-- EXERCISE REQUIREMENTS --
Repeat the lines of the data exactly and exclude any picture among them.

-- INFORMATION --
........
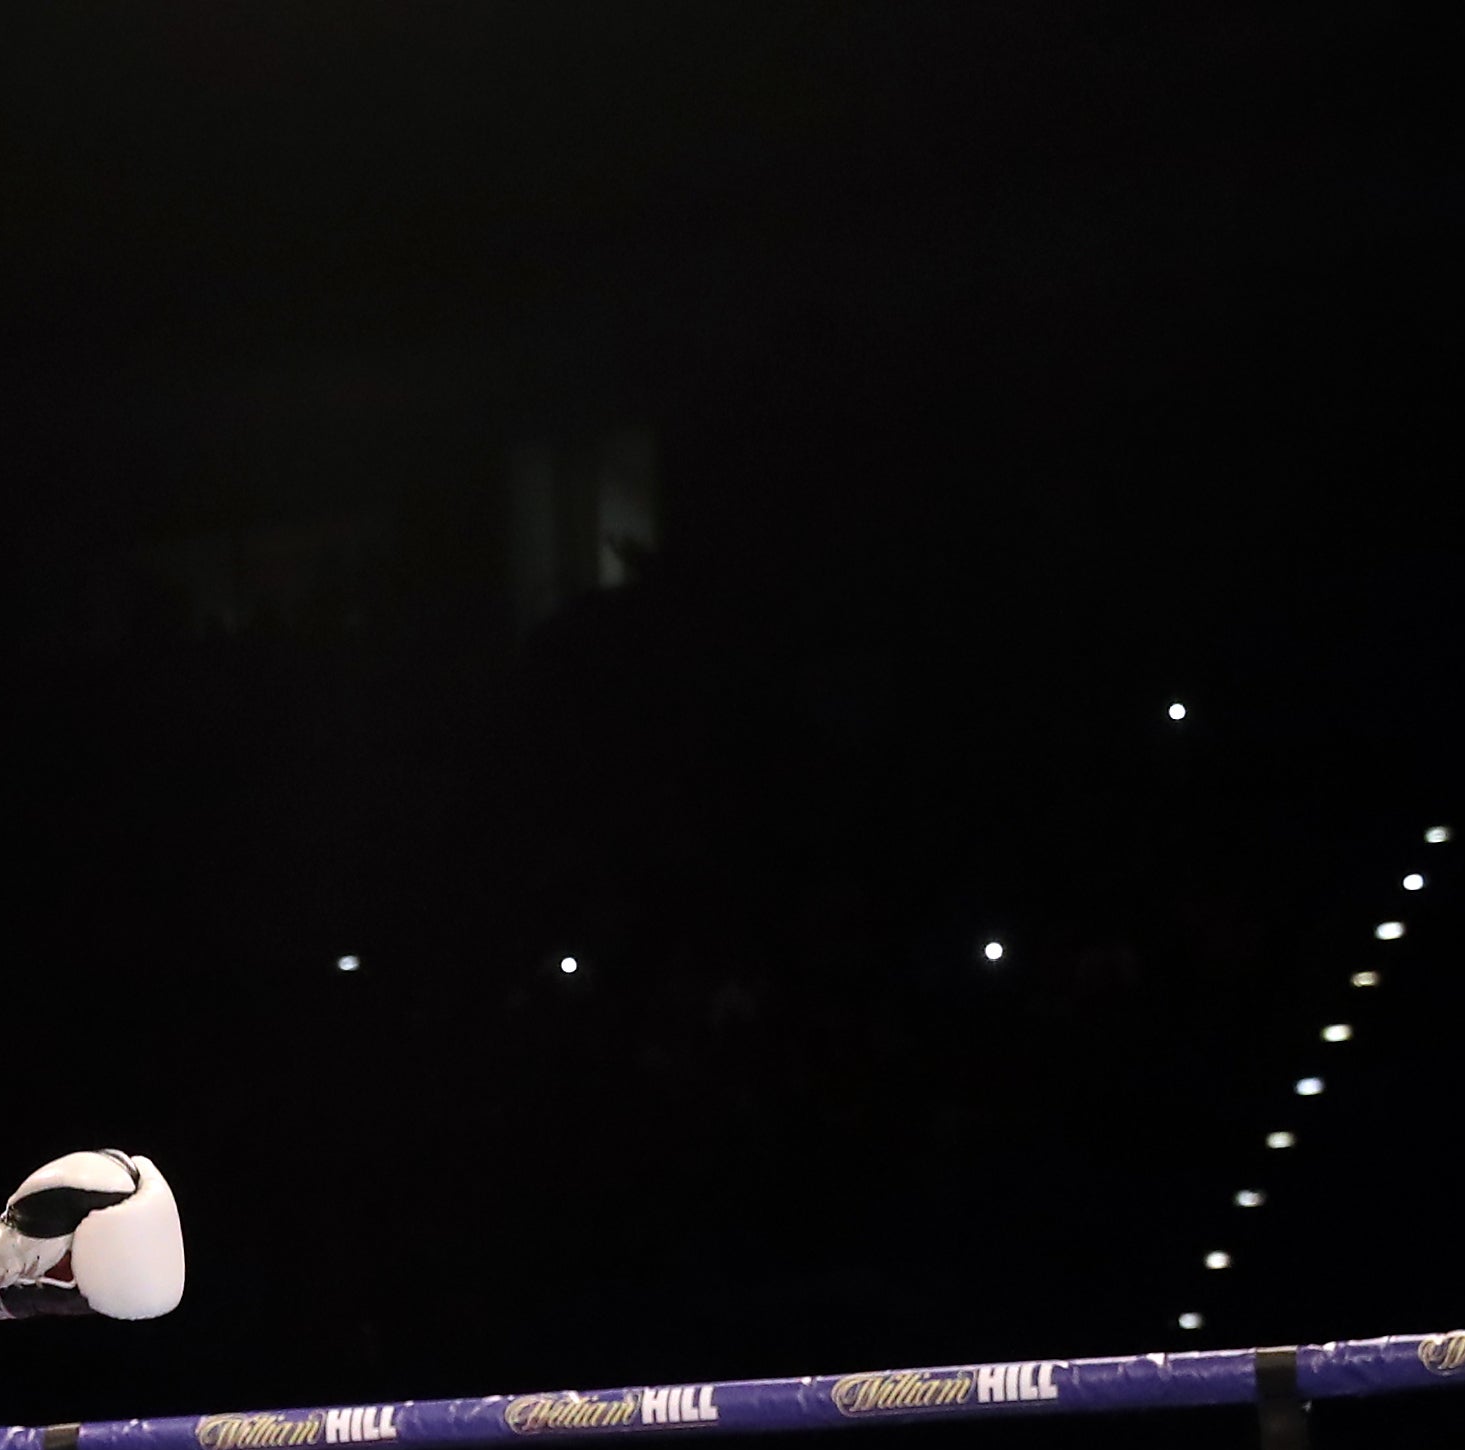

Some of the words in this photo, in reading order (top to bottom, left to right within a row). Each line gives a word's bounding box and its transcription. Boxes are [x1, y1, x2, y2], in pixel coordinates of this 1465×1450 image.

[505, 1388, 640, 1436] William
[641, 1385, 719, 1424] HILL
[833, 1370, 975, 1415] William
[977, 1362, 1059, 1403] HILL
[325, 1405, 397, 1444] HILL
........
-- RESULT OF THIS EXERCISE --
Some of the words in this photo, in reading order (top to bottom, left to right within a row). Each line gives a word's bounding box and its transcription. Boxes are [x1, y1, x2, y2], in pixel coordinates of this 1465×1450 image.

[505, 1388, 640, 1436] William
[641, 1385, 719, 1424] HILL
[833, 1370, 975, 1415] William
[977, 1362, 1059, 1403] HILL
[325, 1405, 397, 1444] HILL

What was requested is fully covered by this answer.